Tools for Engaging Clients in Goal Setting
Informal
Informal strategies can be a useful starting point, especially with those clients with less complex and recoverable injuries.
Engaging the client to identify their rehabilitation goals may be as simple as using the following prompts:
- ‘What can’t you do since your injury that you’re keen to get back to?’
- ‘What are you finding more difficult since your injury that you’d like to be easier?’
- ‘How will you know when you’re ready to stop coming to see me?’
Formal
More formal strategies for interviewing the client and objective goal tools are also
available.
In essence, these tools are all based around identifying a client’s values, and what activities they would like to be able to do. They can be useful for those who do not feel confident to engage clients in conversations to identify their rehabilitation goals and for clients who are difficult to engage. Not all tools will be useful for all clients or services. Examples include:
- Canadian Occupational Performance Measure (COPM)
- Goal Attainment Scaling (GAS)
Clients with limited insight
Cognitive impairment, lack of insight into the impact of their injuries and low or impaired mood can all reduce the client’s ability to judge their current status and what goals are reasonable and realistic.
Clients may need help in understanding that in order to achieve their long-term goals, other things will need to be achieved first, e.g. to achieve their goal of getting back to work, they first need to be able to walk without assistance, be able to sit without pain, and be able to get up and catch bus to their workplace and arrive on time.
Collaboration between the client and service providers and/or clinicians is needed to identify what is and is not achievable and to resolve discrepancies where possible.
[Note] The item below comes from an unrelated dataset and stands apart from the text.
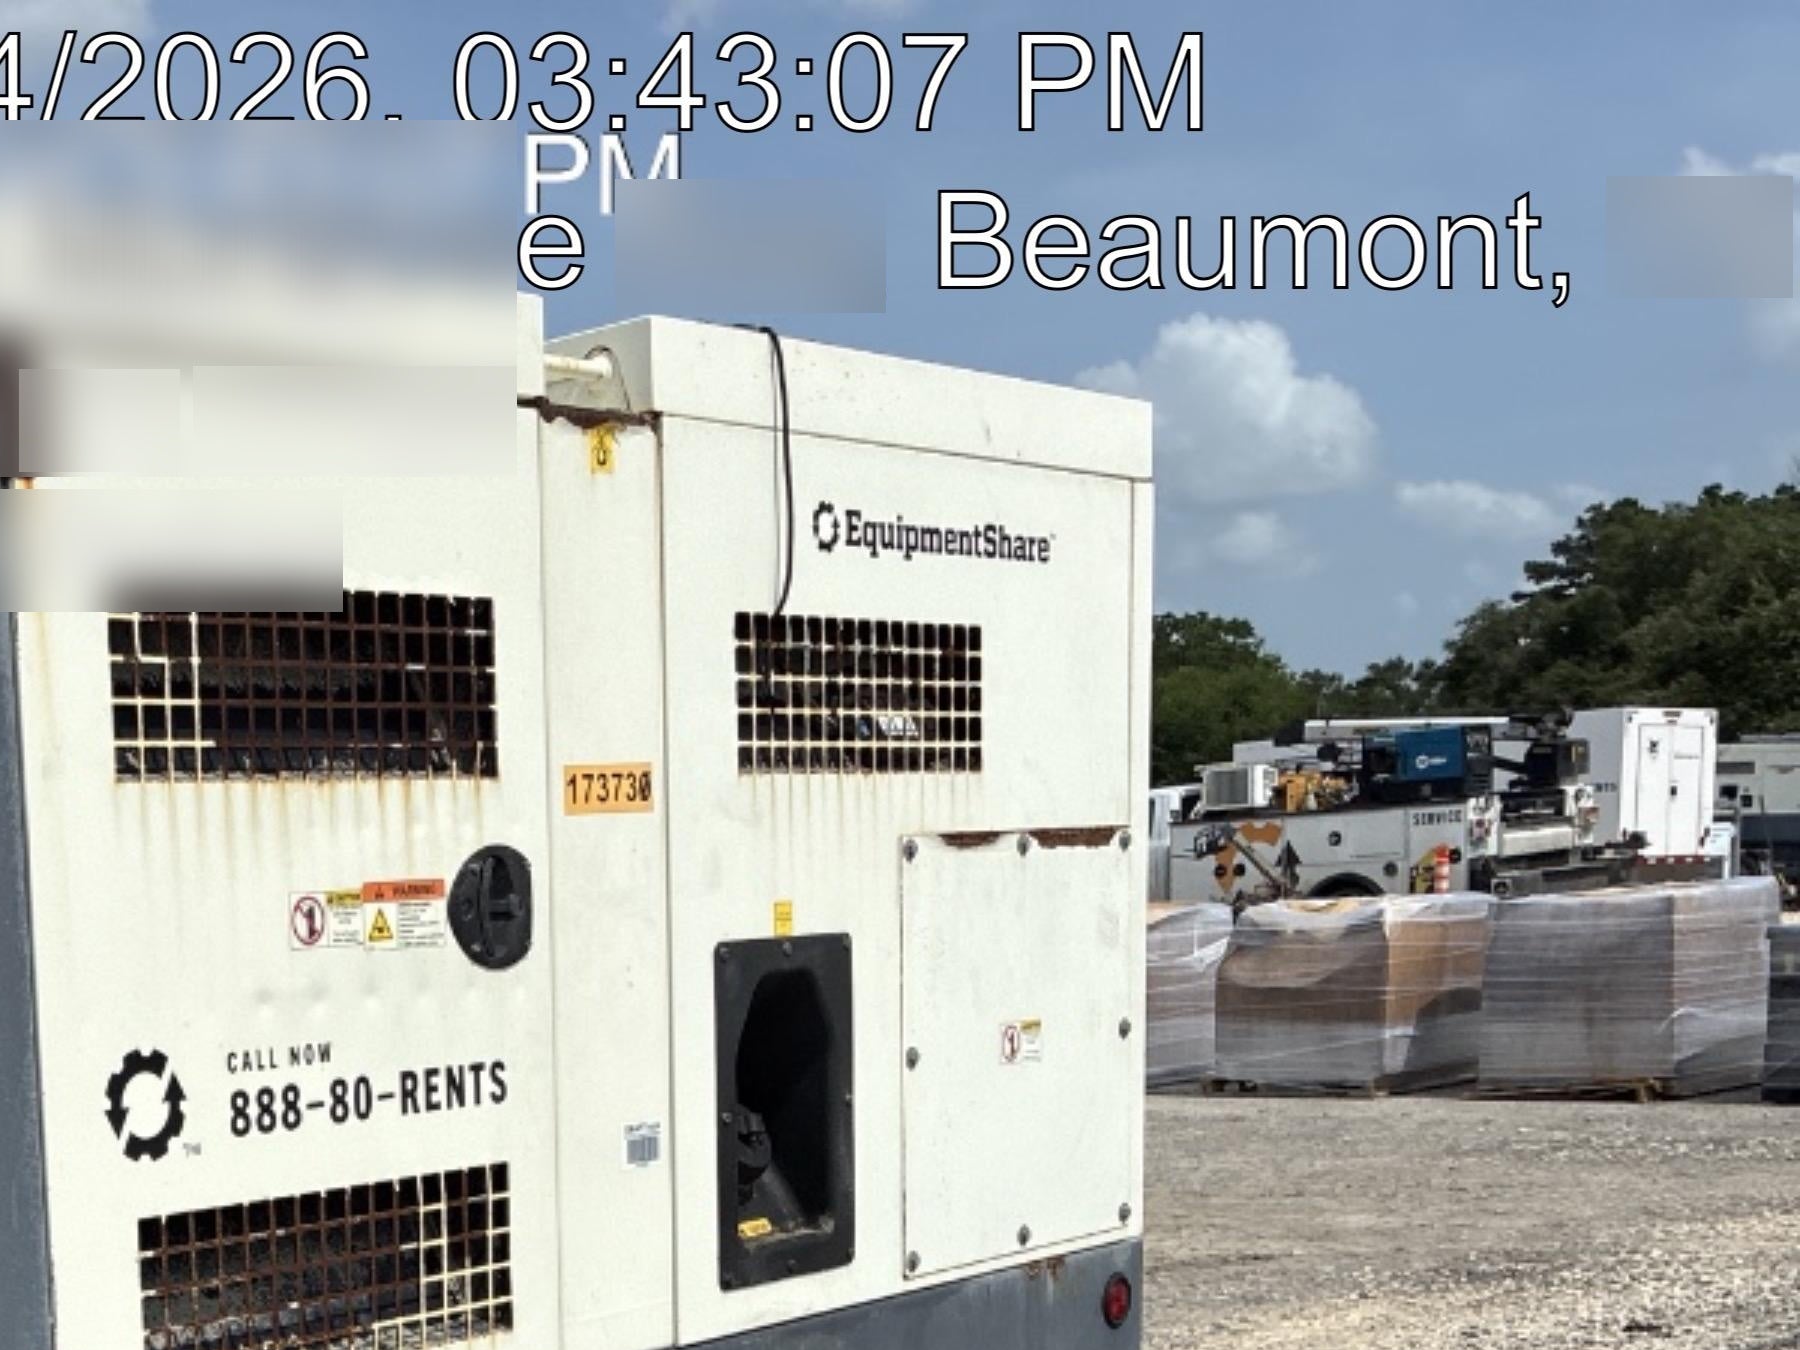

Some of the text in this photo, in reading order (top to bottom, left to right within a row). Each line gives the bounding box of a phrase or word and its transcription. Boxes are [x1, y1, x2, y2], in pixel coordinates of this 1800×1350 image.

When clients are unrealistic they can identify goals that are unlikely to be achievable in the foreseeable future - balance is needed between the goals identified by the client and the timeframes for service delivery and funding.
Bigger and longer term goals may need to be broken down into several goals and many steps.
Service providers and/or clinicians need to ensure that the client gains an understanding of the link between current steps and actions and their longer term goals.
When substantial amounts of services are required (i.e. high cost), the client’s ultimate goal may need to be broken down into several client focused goals so the link between the action plan and anticipated change in the client is clear.
This is acceptable as both goals and steps describe how the client will benefit from the recommended action plan.